У Володьки тоже был тяжелый труд, только на Горе: выжигал серу из железной руды, отравлялся, попадал в больницу. Теперь — помощник взрывника, закладывает заряды в шпуры, выбитые канатно-ударными станками.

Едва Инна уподобила Бубнова помеси Цицерона и камнедробилки, я оборвал ее:

— Виноват он, что ли? Было воспаление языка.

— Воспаление хитрости случается. Про воспаление языка не слыхала.

— Совершенно просто. Я вовсю матерился, дед взял да проколол мне язык. Распух, аж пить мешал.

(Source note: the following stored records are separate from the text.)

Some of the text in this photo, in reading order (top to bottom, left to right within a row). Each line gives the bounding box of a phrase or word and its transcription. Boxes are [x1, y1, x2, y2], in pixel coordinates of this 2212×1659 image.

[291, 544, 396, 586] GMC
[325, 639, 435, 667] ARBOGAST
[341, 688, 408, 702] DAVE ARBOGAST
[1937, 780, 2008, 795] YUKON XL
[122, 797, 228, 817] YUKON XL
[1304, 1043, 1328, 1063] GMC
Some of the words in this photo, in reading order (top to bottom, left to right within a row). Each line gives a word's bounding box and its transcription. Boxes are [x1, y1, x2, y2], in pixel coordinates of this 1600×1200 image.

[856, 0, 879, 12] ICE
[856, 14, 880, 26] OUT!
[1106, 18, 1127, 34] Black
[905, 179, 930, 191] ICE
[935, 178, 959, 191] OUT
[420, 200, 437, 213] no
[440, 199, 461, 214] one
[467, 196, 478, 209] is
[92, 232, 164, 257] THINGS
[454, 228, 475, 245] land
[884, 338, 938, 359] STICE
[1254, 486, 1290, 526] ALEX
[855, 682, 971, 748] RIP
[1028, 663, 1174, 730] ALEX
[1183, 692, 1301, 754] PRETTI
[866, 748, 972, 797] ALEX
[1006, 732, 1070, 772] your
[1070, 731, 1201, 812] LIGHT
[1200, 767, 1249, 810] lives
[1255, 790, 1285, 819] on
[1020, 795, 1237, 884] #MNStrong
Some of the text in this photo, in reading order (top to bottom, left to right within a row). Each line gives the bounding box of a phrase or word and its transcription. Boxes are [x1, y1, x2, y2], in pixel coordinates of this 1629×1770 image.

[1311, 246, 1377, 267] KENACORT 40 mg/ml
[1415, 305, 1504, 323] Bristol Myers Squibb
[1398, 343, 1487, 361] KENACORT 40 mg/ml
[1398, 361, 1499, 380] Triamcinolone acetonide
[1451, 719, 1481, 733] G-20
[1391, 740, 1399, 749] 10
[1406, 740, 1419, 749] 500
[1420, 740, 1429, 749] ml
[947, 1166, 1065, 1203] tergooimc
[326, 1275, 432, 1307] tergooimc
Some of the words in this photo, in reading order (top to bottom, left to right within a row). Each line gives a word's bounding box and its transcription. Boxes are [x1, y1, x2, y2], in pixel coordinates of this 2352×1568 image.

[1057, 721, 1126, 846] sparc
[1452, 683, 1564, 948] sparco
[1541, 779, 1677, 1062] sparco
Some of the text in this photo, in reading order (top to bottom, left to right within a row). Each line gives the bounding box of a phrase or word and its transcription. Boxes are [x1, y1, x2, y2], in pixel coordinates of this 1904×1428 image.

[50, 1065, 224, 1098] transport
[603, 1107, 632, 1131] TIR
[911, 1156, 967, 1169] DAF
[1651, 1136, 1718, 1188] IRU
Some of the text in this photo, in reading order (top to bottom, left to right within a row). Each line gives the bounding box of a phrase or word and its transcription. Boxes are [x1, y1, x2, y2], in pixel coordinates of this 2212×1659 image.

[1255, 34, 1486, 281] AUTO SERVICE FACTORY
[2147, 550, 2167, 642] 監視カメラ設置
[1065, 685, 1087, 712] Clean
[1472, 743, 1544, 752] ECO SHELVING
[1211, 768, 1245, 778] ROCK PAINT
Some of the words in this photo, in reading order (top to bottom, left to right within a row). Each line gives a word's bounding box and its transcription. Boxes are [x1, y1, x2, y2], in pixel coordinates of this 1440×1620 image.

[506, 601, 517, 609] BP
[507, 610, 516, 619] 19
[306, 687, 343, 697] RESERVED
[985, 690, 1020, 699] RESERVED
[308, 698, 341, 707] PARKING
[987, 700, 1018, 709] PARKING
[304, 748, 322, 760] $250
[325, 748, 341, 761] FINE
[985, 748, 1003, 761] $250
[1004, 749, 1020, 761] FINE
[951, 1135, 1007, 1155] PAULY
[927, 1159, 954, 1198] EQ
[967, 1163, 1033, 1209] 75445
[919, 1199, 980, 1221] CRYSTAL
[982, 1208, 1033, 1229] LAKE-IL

— Тошенька, противный, тебе не совестно отступать в сторону?

— Нисколько.

— Не перед Маратом, не думай.

— Перед кем тогда?

— Глаза по ложке, а не видят ни крошки.

— Ври!

— Вру. Утешься.

— Чего утешаться-то? Ничего не терял.

— Потеряешь.

— Раскаркалась.

— Жаль.

— Что?

— Кого, спроси. Дурачье! В первую очередь, ты, Ты не знаешь, кто Володька Бубнов.

— Помесь...

— Сам ты помесь. Жертвенника с вислоухим щенком. Володька — легендарная личность.

— Гарибальди.

— Ну...

— Щорс.

— Он сам с усам.

— Думаешь, раззадорила?

— Не собиралась. А хотела бы раззадорить. Да ты слепоглухонемой.

Я замолк. Я терялся от бритвенной ее резкости по отношению к Марату Касьянову, а тут она была резка со мной. Допустить, что толстоязыкий, зачумленный самим собой Володька Бубнов станет соперником Марата Касьянова, — этого я вообразить не мог.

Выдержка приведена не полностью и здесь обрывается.